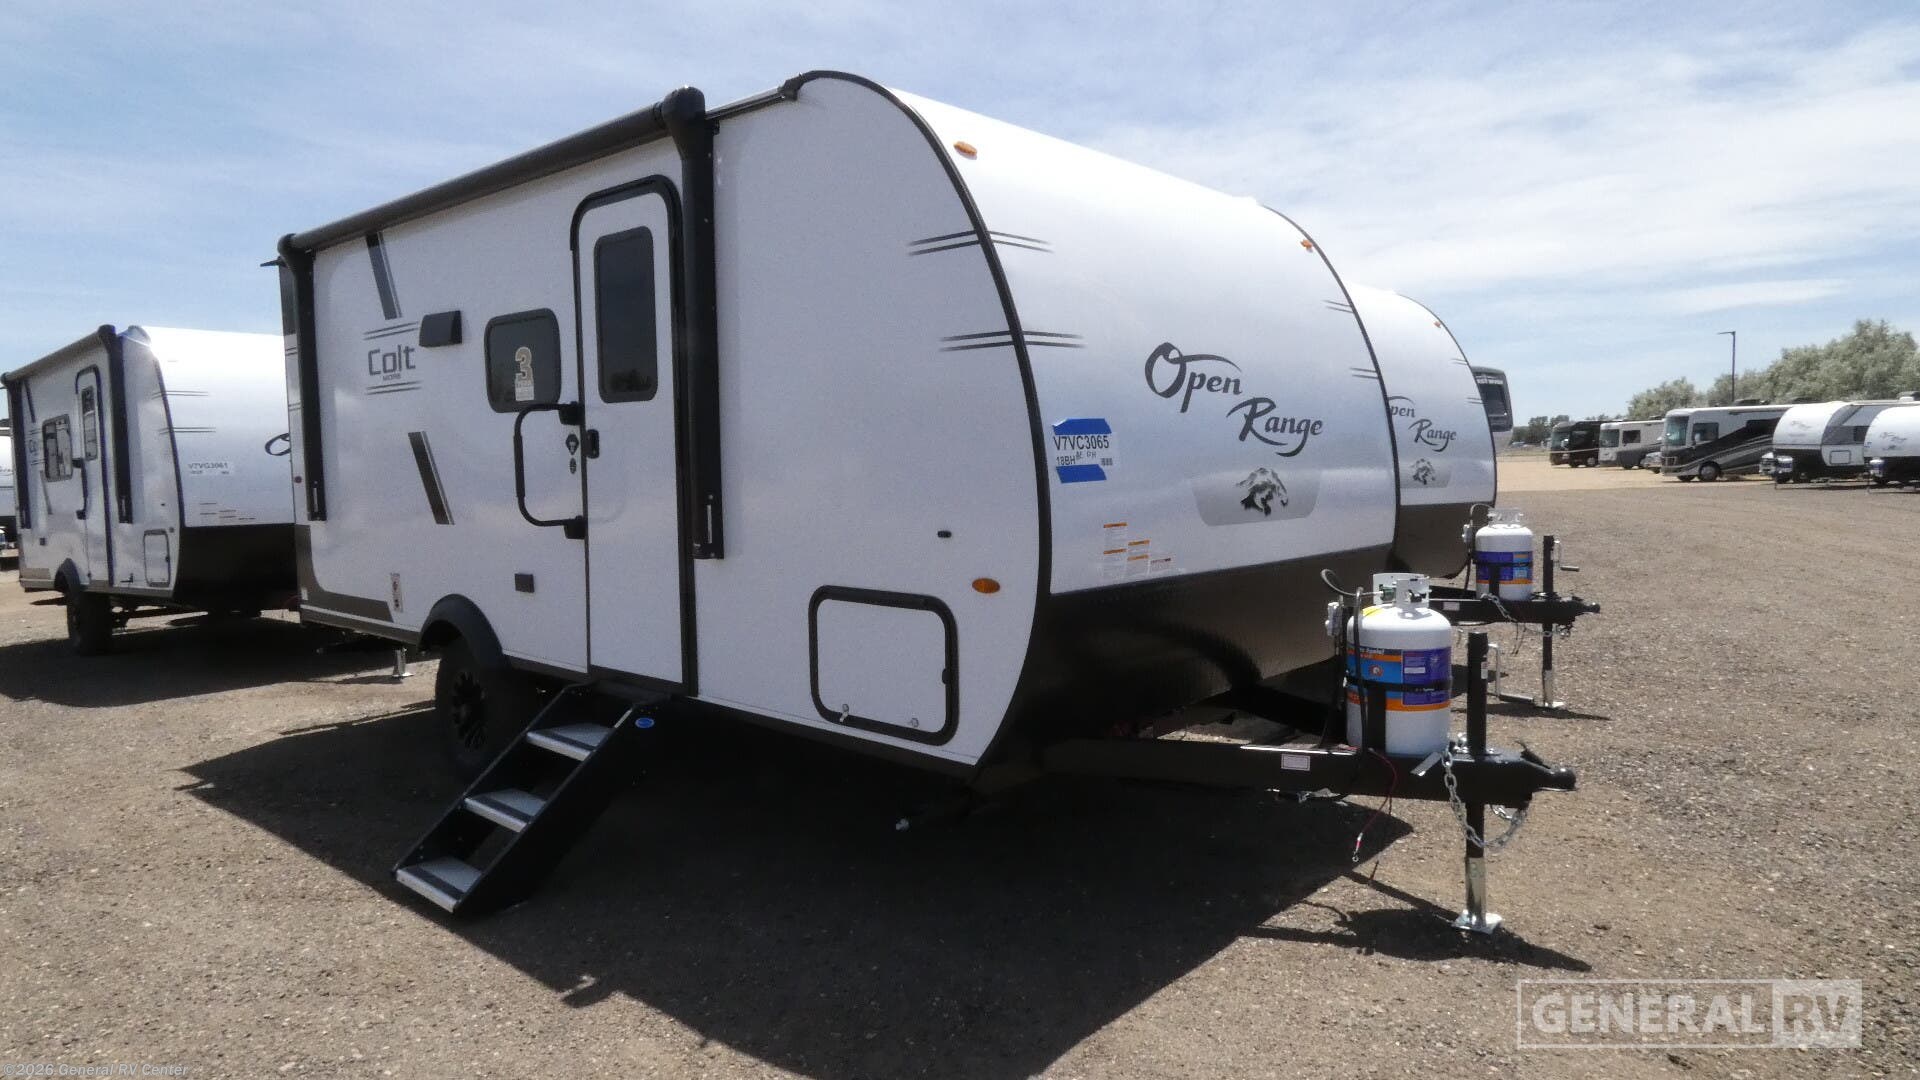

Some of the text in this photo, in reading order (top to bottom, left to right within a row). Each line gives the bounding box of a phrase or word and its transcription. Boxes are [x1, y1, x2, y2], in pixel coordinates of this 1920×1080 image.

[368, 344, 416, 376] Colt
[515, 346, 533, 384] 3
[1145, 342, 1242, 413] Open
[1388, 396, 1415, 418] pen
[1053, 435, 1110, 451] V7VC3065
[1226, 397, 1323, 458] Range
[1408, 419, 1457, 452] Range

====

- [PROBLEM TO WORK ON]
The result should be the full set of entries above, restated exactly and without images.

- [TASK ANSWER]
Some of the text in this photo, in reading order (top to bottom, left to right within a row). Each line gives the bounding box of a phrase or word and its transcription. Boxes are [x1, y1, x2, y2], in pixel coordinates of this 1920×1080 image.

[368, 344, 416, 376] Colt
[515, 346, 533, 384] 3
[1145, 342, 1242, 413] Open
[1388, 396, 1415, 418] pen
[1053, 435, 1110, 451] V7VC3065
[1226, 397, 1323, 458] Range
[1408, 419, 1457, 452] Range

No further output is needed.